# [Goal of the exercise]
Once you find the line containing "Some of the words", please retype it and every line after it to the end of the entries, exactly and with nothing added.

########

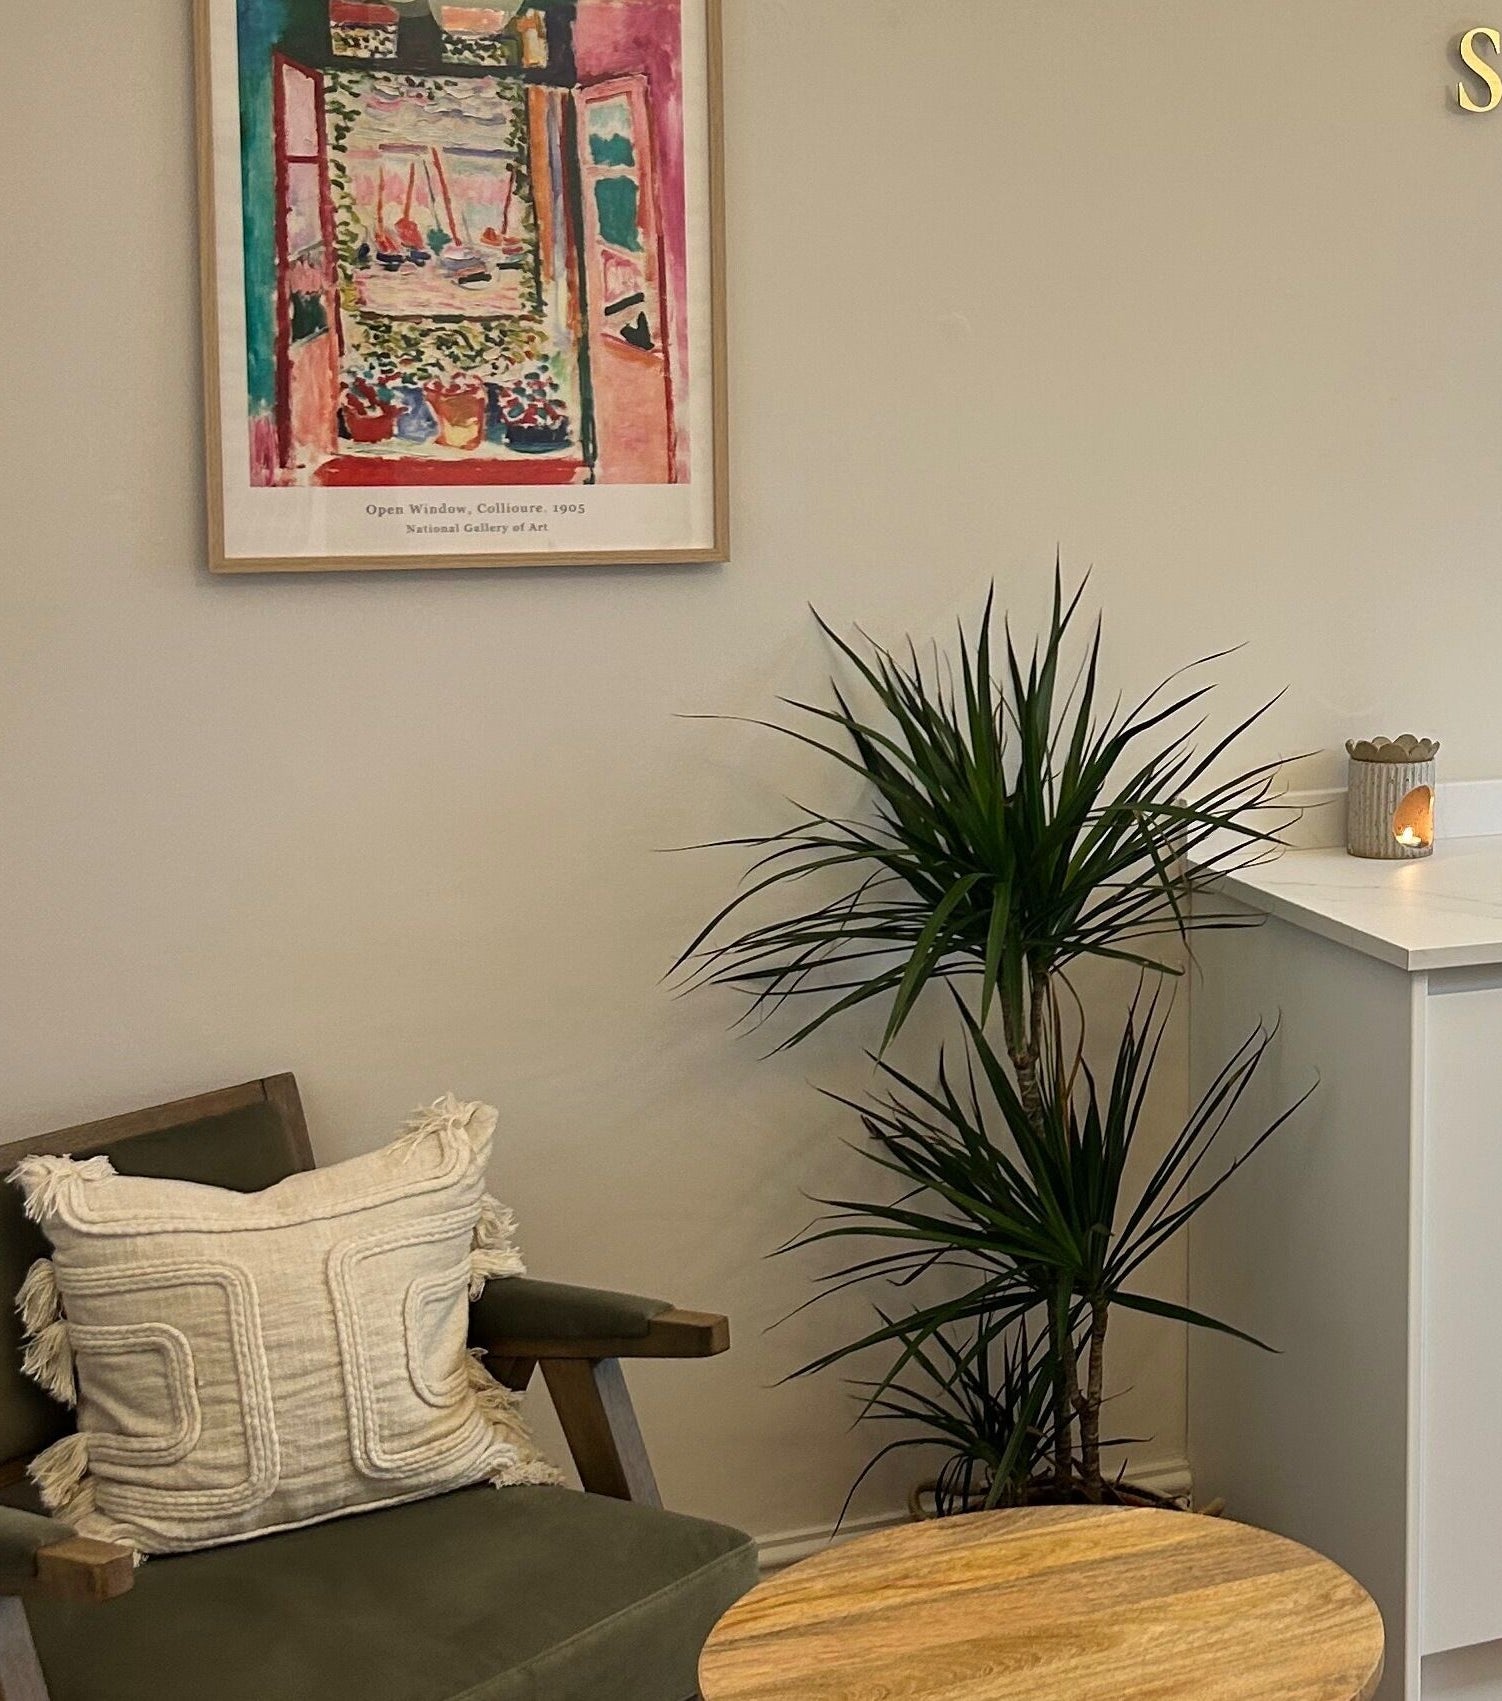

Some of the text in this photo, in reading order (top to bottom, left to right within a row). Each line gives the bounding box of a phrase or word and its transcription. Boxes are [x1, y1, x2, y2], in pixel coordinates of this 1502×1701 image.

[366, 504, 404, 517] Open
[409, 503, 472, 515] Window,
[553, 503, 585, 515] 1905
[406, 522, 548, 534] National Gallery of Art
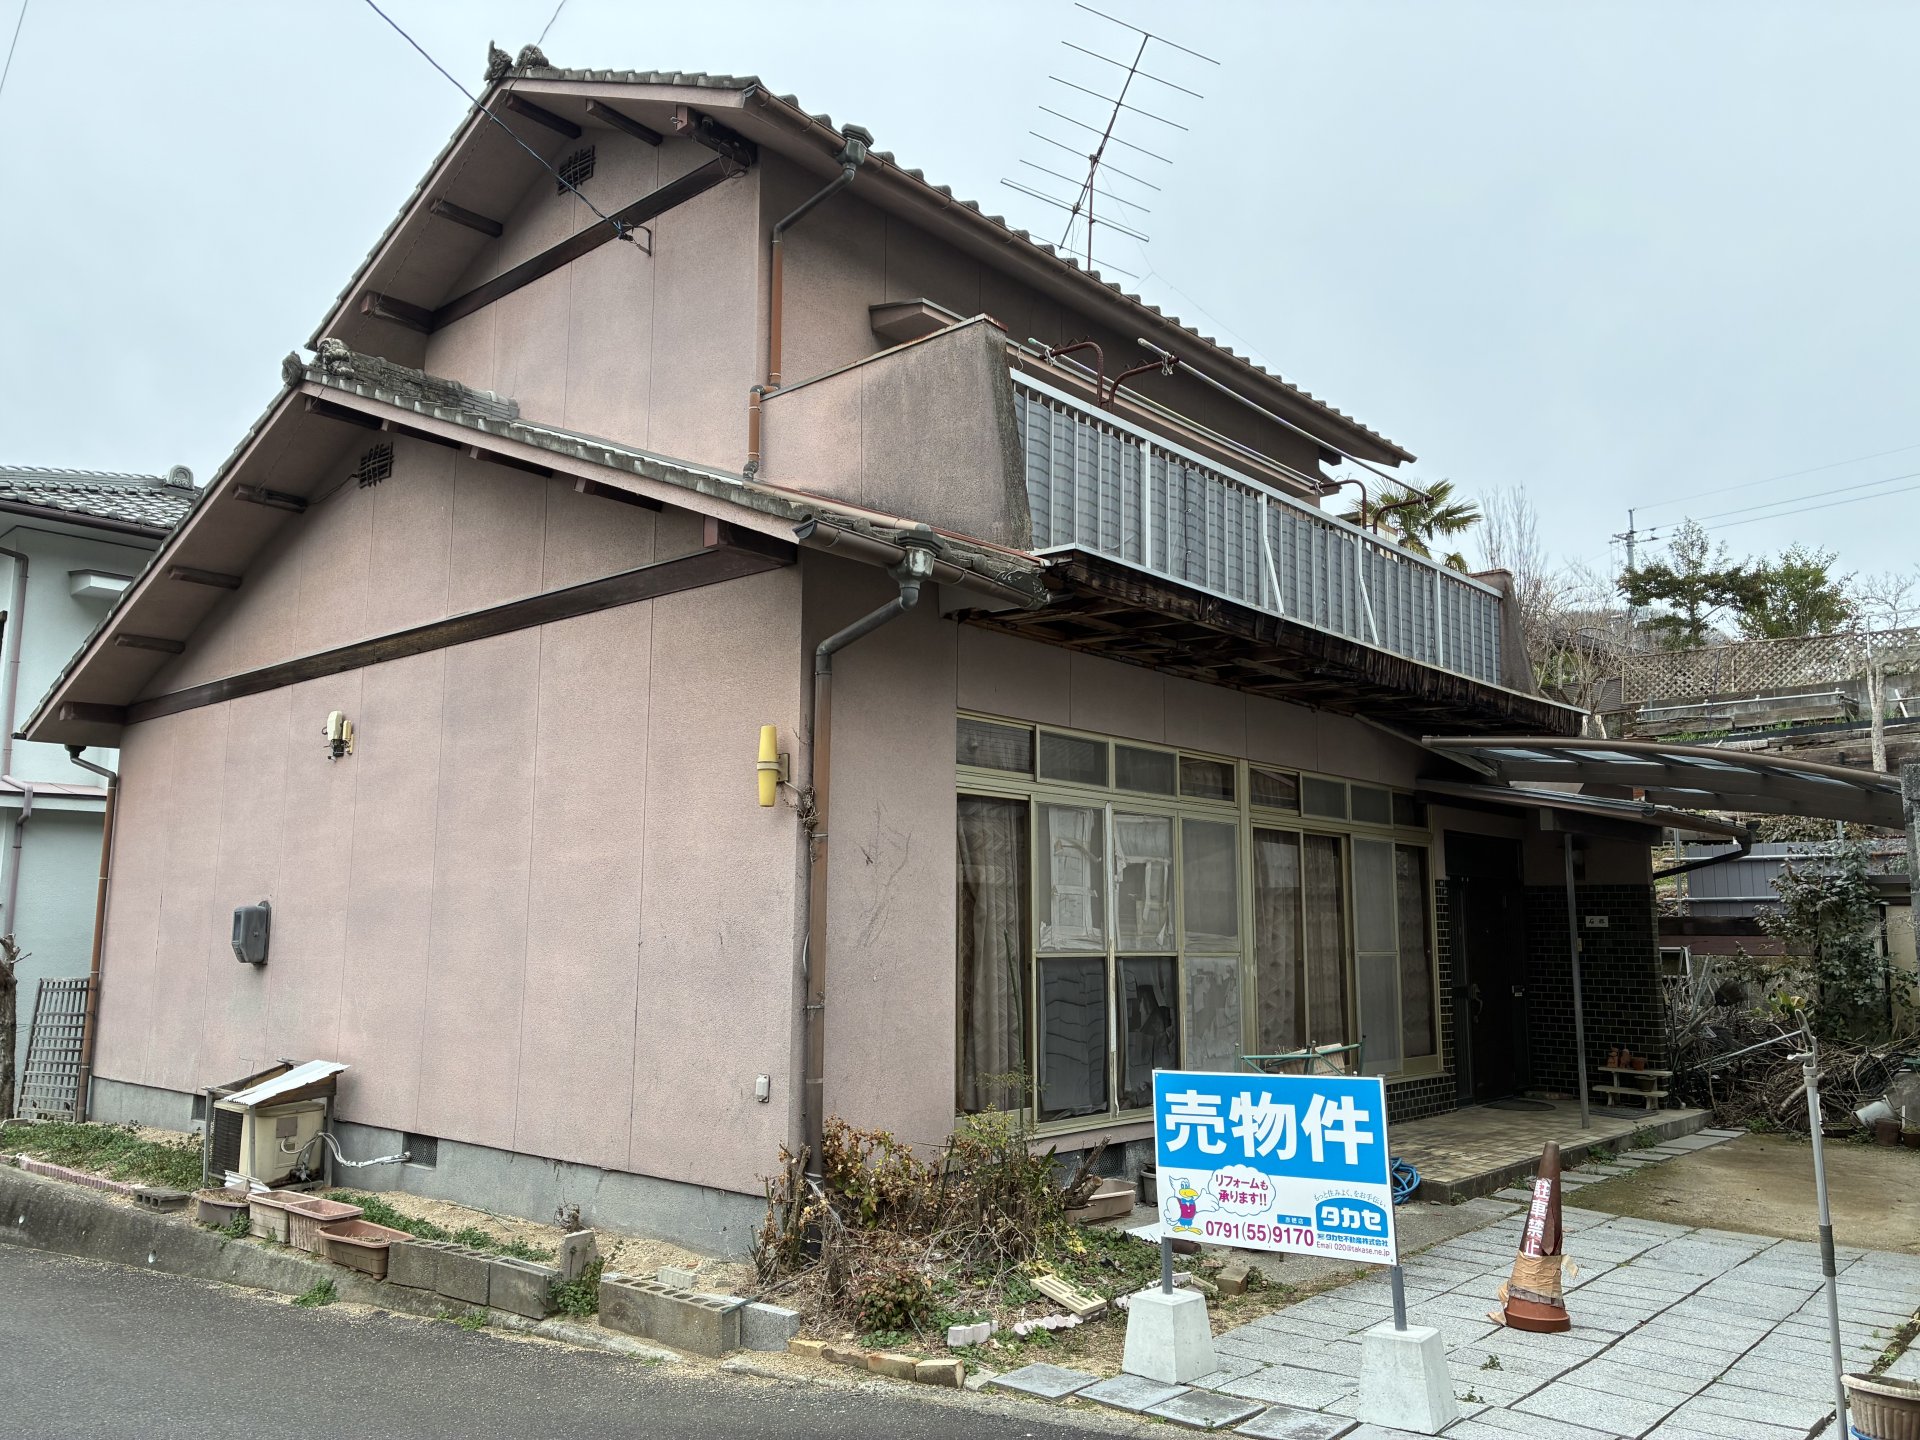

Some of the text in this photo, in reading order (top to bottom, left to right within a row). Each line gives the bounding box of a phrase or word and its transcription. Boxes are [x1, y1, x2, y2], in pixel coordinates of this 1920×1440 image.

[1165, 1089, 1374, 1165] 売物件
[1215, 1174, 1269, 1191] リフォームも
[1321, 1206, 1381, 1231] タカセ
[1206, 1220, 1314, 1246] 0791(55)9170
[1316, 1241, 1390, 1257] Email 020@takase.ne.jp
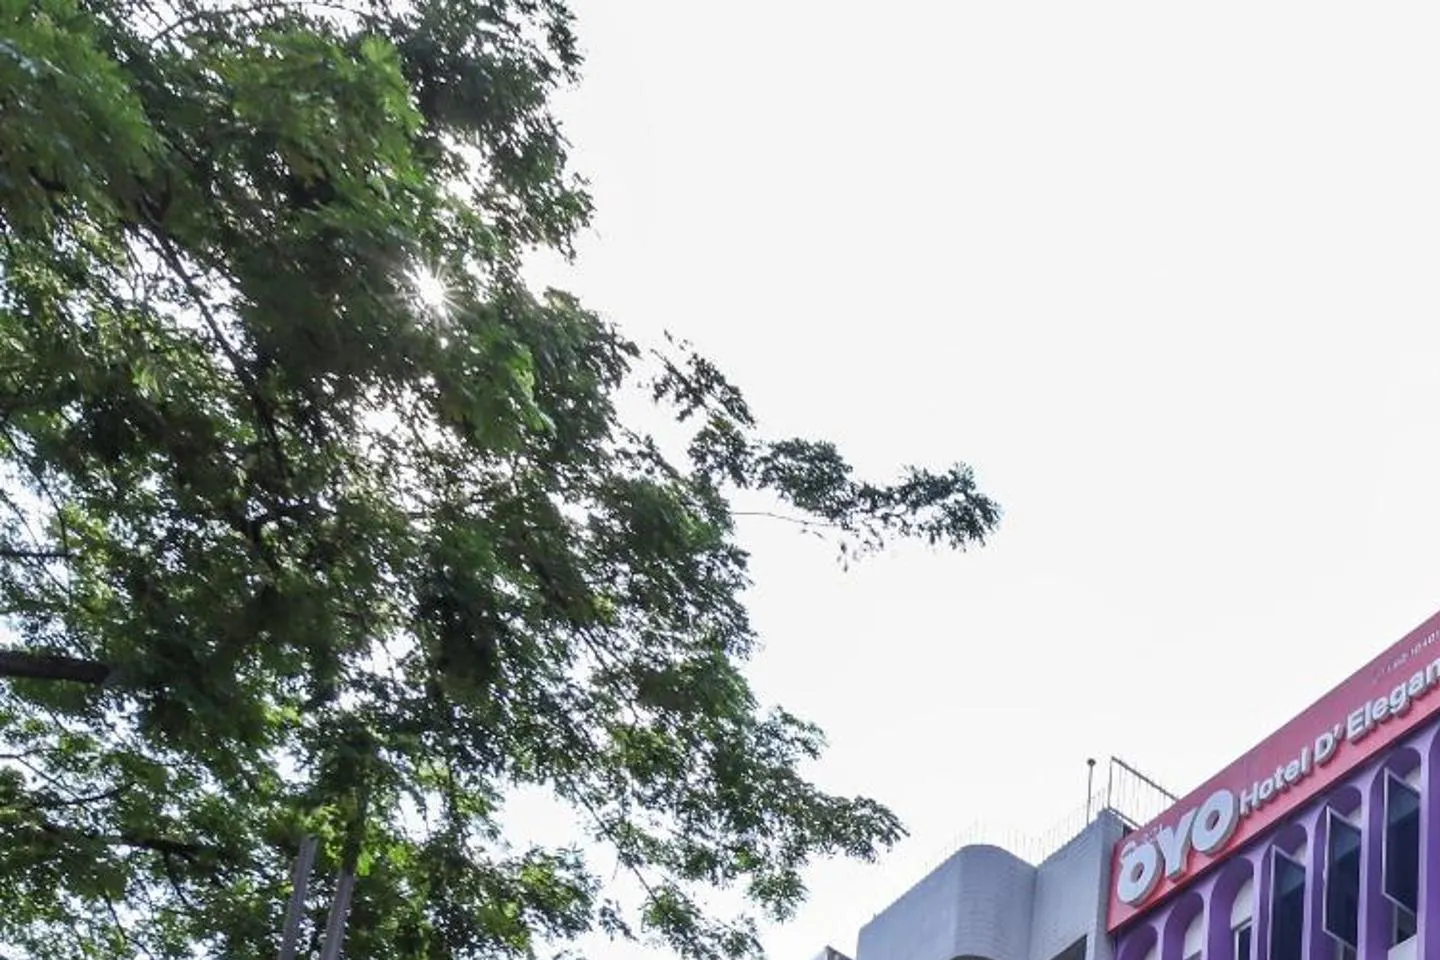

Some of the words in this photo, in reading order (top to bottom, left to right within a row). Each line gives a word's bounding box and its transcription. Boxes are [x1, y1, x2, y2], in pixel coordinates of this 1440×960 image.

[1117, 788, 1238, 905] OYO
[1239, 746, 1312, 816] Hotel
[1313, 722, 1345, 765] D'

########

# [Output of the exercise]
Some of the words in this photo, in reading order (top to bottom, left to right within a row). Each line gives a word's bounding box and its transcription. Boxes are [x1, y1, x2, y2], in pixel coordinates of this 1440×960 image.

[1117, 788, 1238, 905] OYO
[1239, 746, 1312, 816] Hotel
[1313, 722, 1345, 765] D'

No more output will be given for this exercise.